THE Rx

Things I’ve learned about Hodgkin’s Lymphoma in a short period of time: it is rare and more commonly found in men; it affects young adults in their twenties to mid thirties and then has an increased rate in older people; it generally starts in the neck or chest region; and it is considered to be the “Mercedes” of cancers. So despite my gender, the other two facts accurately describe my situation. And I guess if you have to have cancer, good thing it’s the “good kind”. Hodgkin’s is often toted as one of the most curable forms of cancer with the first line of treatment – a chemotherapy regimen determined by your oncologists. 

I remember waiting to hear what the prescribed treatment would be for me and what that would actually look like. Both of my new “partners” (oncologists) agreed that my prescribed treatment would be ABVD, a drug cocktail that would include four separate drugs some of which would be pushed through the IV by one of the oncology nurses and the others that were administered via an IV drip. No matter what the infusion method, it would appear that I would have to become very familiar with my (IV) pole. I have to admit I’d much rather have tried ‘strippercise’ than chemotherapy interrupted by my ‘pole dancing’ to the ladies room every thirty minutes. Regardless of the desired pole activities, both would have yielded the same end goal – a healthier me. 

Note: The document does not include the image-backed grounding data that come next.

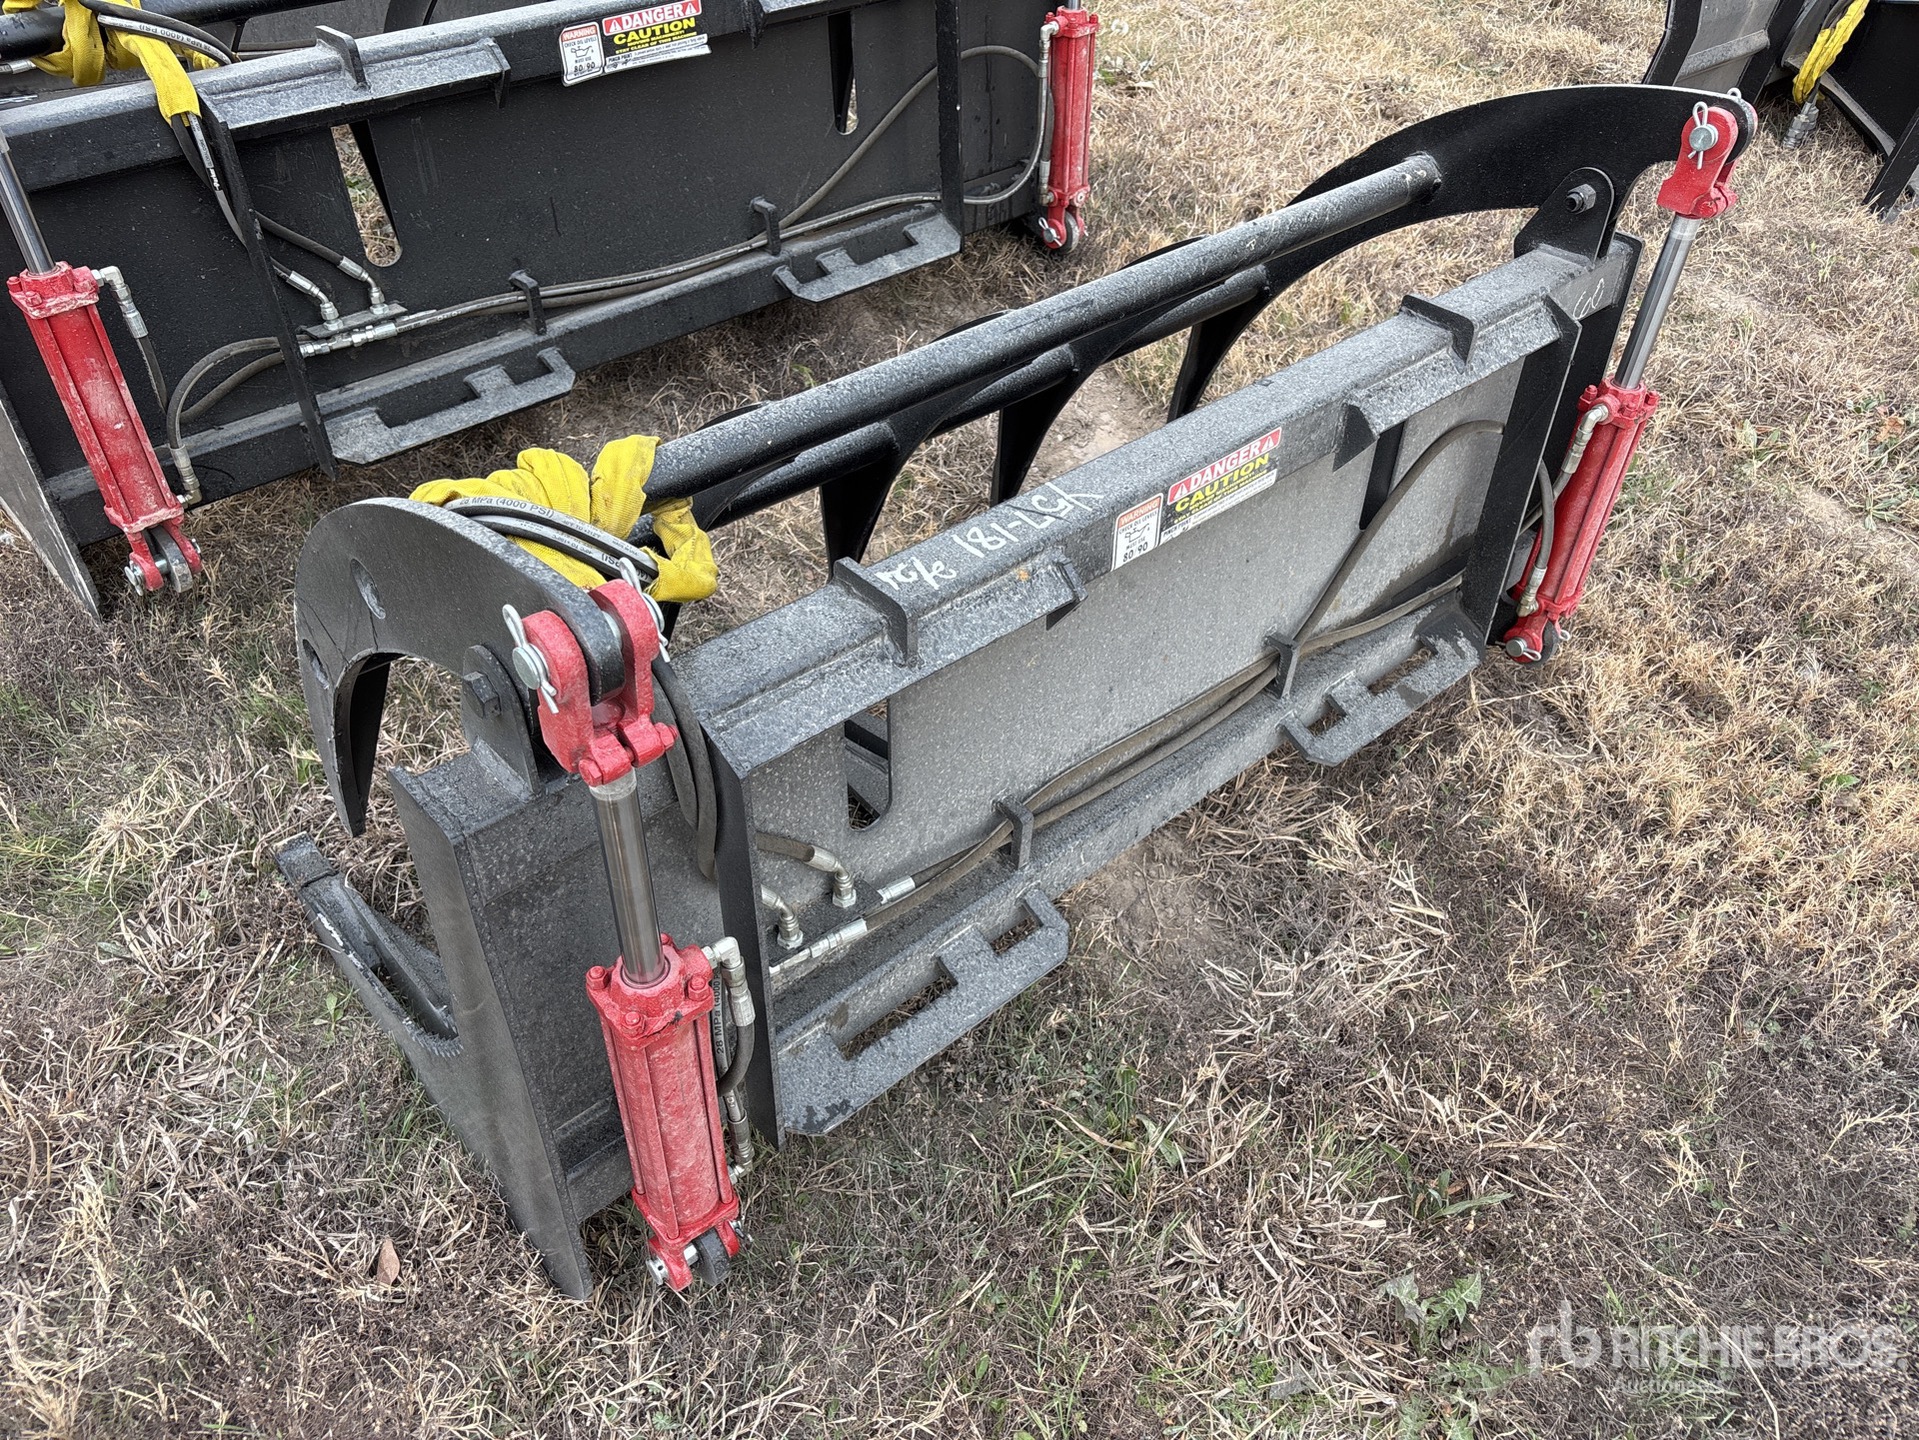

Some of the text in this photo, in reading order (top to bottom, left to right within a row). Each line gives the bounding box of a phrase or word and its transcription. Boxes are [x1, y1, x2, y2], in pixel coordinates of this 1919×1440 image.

[621, 3, 684, 30] DANGER
[563, 28, 596, 41] WARNING
[613, 17, 696, 45] CAUTION
[631, 43, 649, 51] CLEAR
[672, 31, 697, 41] MACHINE
[1189, 441, 1260, 492] DANGER
[1175, 453, 1269, 512] CAUTION
[471, 497, 494, 506] MPa
[495, 497, 528, 510] (4000
[530, 504, 555, 520] PSI)
[1121, 502, 1158, 525] WARNING
[713, 980, 722, 1007] (4000
[713, 1010, 723, 1037] MPa
[716, 1040, 724, 1055] 28

Dr. Z explained that ABVD would be administered via my fancy new titanium mediport, that was surgically placed on the right side of my chest with an annoying tube inserted into my jugular. It is also very fashion forward, there is an entire culture of people that actually choose to have subdermal implants. I must admit I do not understand the allure, even a little bit. However, I will attest that while I hate my port placement and bulging neck tube, I love my port because it means that no one tries to accost me with an IV in the arm. My drug cocktails are administered through it as is all of my blood work. 

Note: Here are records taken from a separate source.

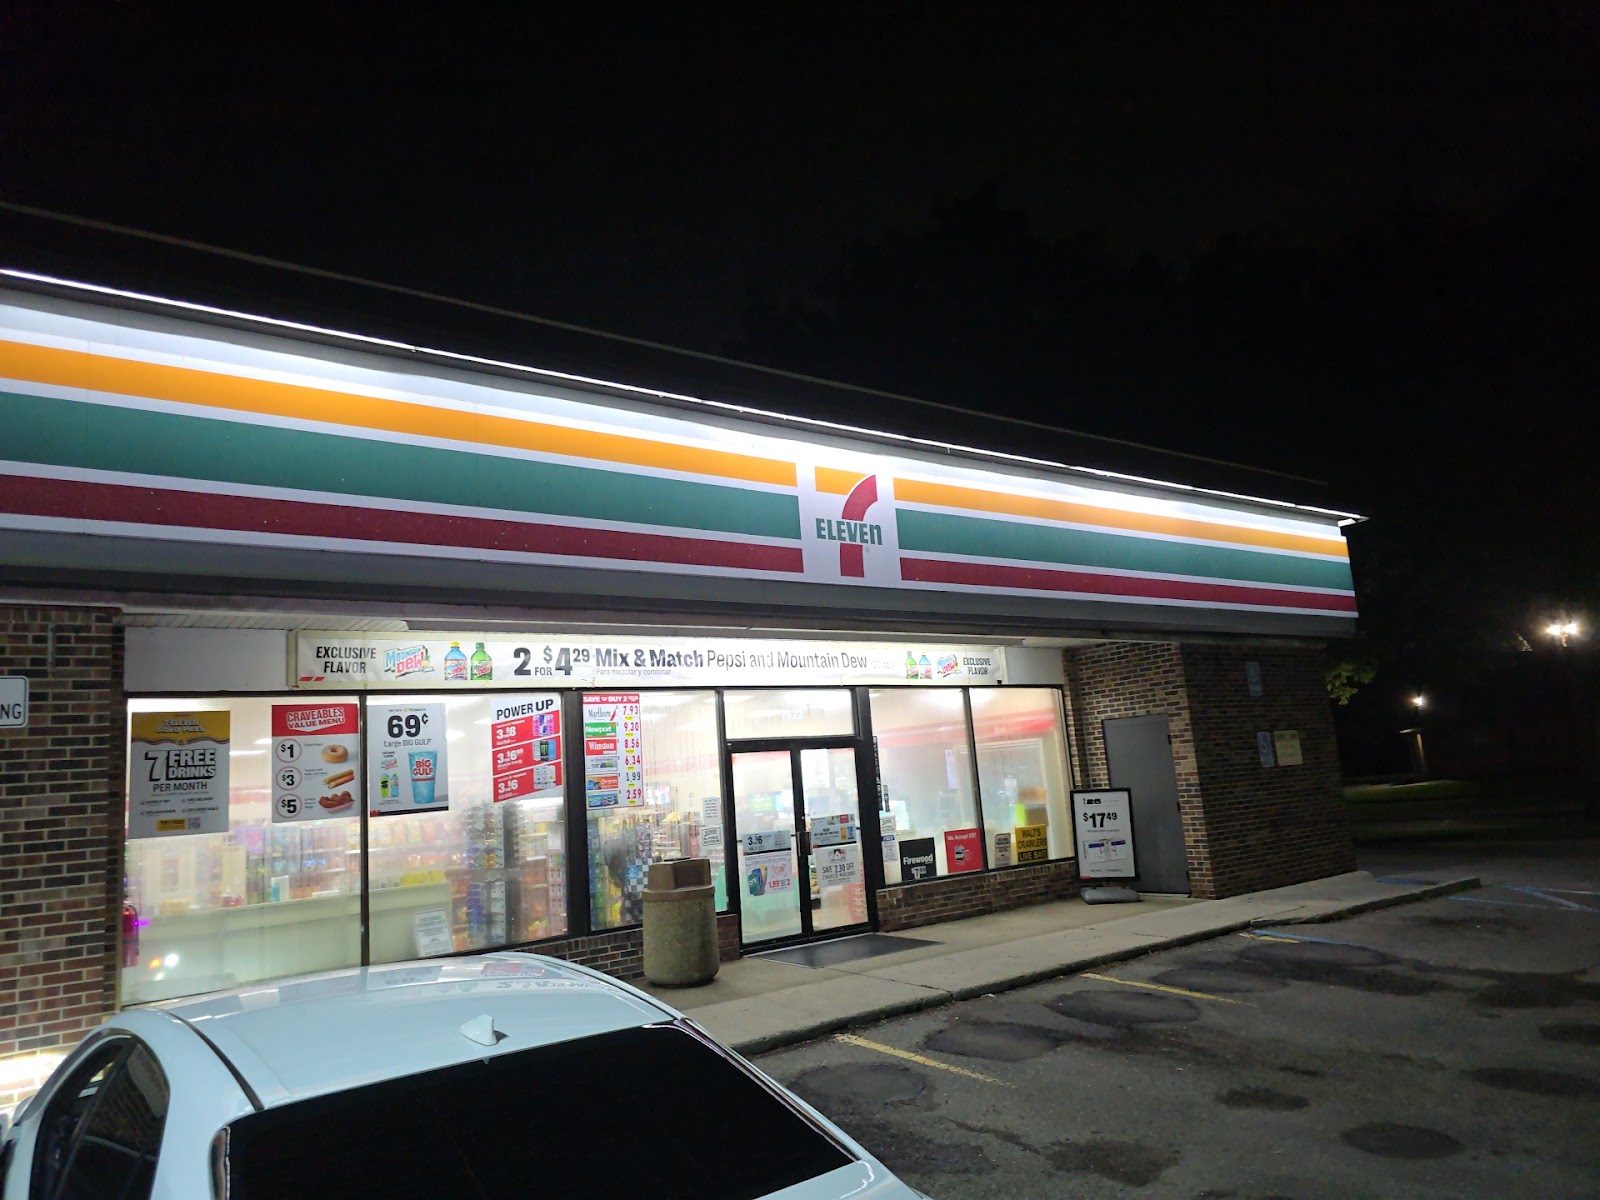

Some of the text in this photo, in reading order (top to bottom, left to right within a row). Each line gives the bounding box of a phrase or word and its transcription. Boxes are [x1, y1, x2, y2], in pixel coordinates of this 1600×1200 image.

[840, 474, 878, 578] 7
[316, 646, 377, 659] EXCLUSIVE
[324, 661, 366, 673] FLAVOR
[513, 647, 531, 676] 2
[534, 667, 552, 676] FOR
[595, 648, 629, 667] Mix
[634, 648, 646, 667] &
[649, 649, 704, 668] Match
[707, 650, 746, 671] Pepsi
[750, 651, 773, 668] and
[777, 651, 839, 668] Mountain
[841, 652, 867, 668] Dew
[963, 657, 991, 666] EXCLUSIVE
[596, 668, 671, 677] Para mezclar y combinar
[968, 667, 988, 675] FLAVOR
[287, 707, 344, 723] CRAVEABLES
[496, 698, 554, 720] POWER UP
[588, 706, 612, 718] Marlboro
[623, 705, 639, 716] 7.93
[288, 717, 344, 729] VALUE MENU
[585, 722, 639, 734] Newport 9.30
[496, 729, 504, 740] 3
[384, 740, 402, 748] Large
[402, 739, 413, 747] BIG
[588, 738, 640, 750] Winston 8.56
[280, 743, 294, 758] $1
[497, 753, 505, 764] 3
[625, 755, 641, 766] 6.34
[144, 748, 216, 782] 7 FREE
[166, 765, 216, 781] DRINKS
[413, 767, 434, 776] GULP
[281, 774, 295, 786] $3
[153, 782, 207, 792] PER MONTH
[498, 782, 506, 793] 3
[626, 788, 642, 800] 2.59
[281, 798, 297, 814] $5
[747, 836, 753, 846] 3
[903, 853, 934, 866] Firewood
[821, 865, 833, 874] SAVE
[834, 863, 846, 873] 2.30

According to my prescribed treatment, I would be receiving ABVD every other Wednesday for six months, totaling six cycles and twelve individual treatments. My one day of chemo was an actual day, sometimes taking as long as five hours from start to finish. Twenty four hours later I had to return to the cancer center for my Neulasta shot, which was a necessity to help keep my white blood cell count up in order to fight infection. 

Aside from those two days, I would have to go for blood work on my ‘off’ Wednesday to ensure that my counts were decent. All in all the regimen was not terrible. I could do anything for six months or at least I keep telling myself that.